Copy out every record below with complete accuracy.

Saved data entries:

BEGIN

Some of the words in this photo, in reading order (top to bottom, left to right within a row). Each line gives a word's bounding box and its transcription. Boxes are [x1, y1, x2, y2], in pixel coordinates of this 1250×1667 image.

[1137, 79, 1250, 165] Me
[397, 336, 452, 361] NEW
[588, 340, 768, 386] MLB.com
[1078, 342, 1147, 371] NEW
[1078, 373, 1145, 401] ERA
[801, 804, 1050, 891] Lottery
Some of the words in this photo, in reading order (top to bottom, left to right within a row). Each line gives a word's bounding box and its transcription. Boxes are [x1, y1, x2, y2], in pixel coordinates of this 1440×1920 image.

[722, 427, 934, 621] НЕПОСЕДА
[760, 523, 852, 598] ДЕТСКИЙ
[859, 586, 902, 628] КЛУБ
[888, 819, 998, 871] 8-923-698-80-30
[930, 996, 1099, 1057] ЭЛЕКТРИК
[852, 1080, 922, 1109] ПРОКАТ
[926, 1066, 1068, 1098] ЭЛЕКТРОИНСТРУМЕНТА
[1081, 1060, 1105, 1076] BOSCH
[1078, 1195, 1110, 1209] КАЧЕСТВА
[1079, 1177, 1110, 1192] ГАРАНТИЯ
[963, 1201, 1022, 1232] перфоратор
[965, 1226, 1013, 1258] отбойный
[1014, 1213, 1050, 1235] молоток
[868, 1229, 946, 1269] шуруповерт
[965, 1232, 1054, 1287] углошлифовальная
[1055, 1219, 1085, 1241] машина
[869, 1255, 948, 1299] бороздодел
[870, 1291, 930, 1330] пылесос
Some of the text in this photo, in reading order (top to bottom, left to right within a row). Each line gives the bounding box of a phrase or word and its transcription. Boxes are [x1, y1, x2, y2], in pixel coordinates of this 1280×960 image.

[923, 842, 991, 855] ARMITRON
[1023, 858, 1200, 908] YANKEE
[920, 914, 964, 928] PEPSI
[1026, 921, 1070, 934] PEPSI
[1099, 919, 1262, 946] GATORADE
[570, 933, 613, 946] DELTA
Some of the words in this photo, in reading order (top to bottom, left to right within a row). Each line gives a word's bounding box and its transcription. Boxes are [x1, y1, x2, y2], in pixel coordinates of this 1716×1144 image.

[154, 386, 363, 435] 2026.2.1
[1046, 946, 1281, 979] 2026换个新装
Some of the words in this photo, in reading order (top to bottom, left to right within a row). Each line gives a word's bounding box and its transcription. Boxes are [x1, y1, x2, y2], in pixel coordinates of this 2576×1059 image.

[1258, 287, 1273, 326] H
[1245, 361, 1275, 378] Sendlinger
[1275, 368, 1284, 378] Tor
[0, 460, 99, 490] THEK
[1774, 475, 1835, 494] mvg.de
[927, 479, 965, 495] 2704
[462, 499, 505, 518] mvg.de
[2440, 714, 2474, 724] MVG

END

Exercise response:
Some of the words in this photo, in reading order (top to bottom, left to right within a row). Each line gives a word's bounding box and its transcription. Boxes are [x1, y1, x2, y2], in pixel coordinates of this 1250×1667 image.

[1137, 79, 1250, 165] Me
[397, 336, 452, 361] NEW
[588, 340, 768, 386] MLB.com
[1078, 342, 1147, 371] NEW
[1078, 373, 1145, 401] ERA
[801, 804, 1050, 891] Lottery
Some of the words in this photo, in reading order (top to bottom, left to right within a row). Each line gives a word's bounding box and its transcription. Boxes are [x1, y1, x2, y2], in pixel coordinates of this 1440×1920 image.

[722, 427, 934, 621] НЕПОСЕДА
[760, 523, 852, 598] ДЕТСКИЙ
[859, 586, 902, 628] КЛУБ
[888, 819, 998, 871] 8-923-698-80-30
[930, 996, 1099, 1057] ЭЛЕКТРИК
[852, 1080, 922, 1109] ПРОКАТ
[926, 1066, 1068, 1098] ЭЛЕКТРОИНСТРУМЕНТА
[1081, 1060, 1105, 1076] BOSCH
[1078, 1195, 1110, 1209] КАЧЕСТВА
[1079, 1177, 1110, 1192] ГАРАНТИЯ
[963, 1201, 1022, 1232] перфоратор
[965, 1226, 1013, 1258] отбойный
[1014, 1213, 1050, 1235] молоток
[868, 1229, 946, 1269] шуруповерт
[965, 1232, 1054, 1287] углошлифовальная
[1055, 1219, 1085, 1241] машина
[869, 1255, 948, 1299] бороздодел
[870, 1291, 930, 1330] пылесос
Some of the text in this photo, in reading order (top to bottom, left to right within a row). Each line gives the bounding box of a phrase or word and its transcription. Boxes are [x1, y1, x2, y2], in pixel coordinates of this 1280×960 image.

[923, 842, 991, 855] ARMITRON
[1023, 858, 1200, 908] YANKEE
[920, 914, 964, 928] PEPSI
[1026, 921, 1070, 934] PEPSI
[1099, 919, 1262, 946] GATORADE
[570, 933, 613, 946] DELTA
Some of the words in this photo, in reading order (top to bottom, left to right within a row). Each line gives a word's bounding box and its transcription. Boxes are [x1, y1, x2, y2], in pixel coordinates of this 1716×1144 image.

[154, 386, 363, 435] 2026.2.1
[1046, 946, 1281, 979] 2026换个新装
Some of the words in this photo, in reading order (top to bottom, left to right within a row). Each line gives a word's bounding box and its transcription. Boxes are [x1, y1, x2, y2], in pixel coordinates of this 2576×1059 image.

[1258, 287, 1273, 326] H
[1245, 361, 1275, 378] Sendlinger
[1275, 368, 1284, 378] Tor
[0, 460, 99, 490] THEK
[1774, 475, 1835, 494] mvg.de
[927, 479, 965, 495] 2704
[462, 499, 505, 518] mvg.de
[2440, 714, 2474, 724] MVG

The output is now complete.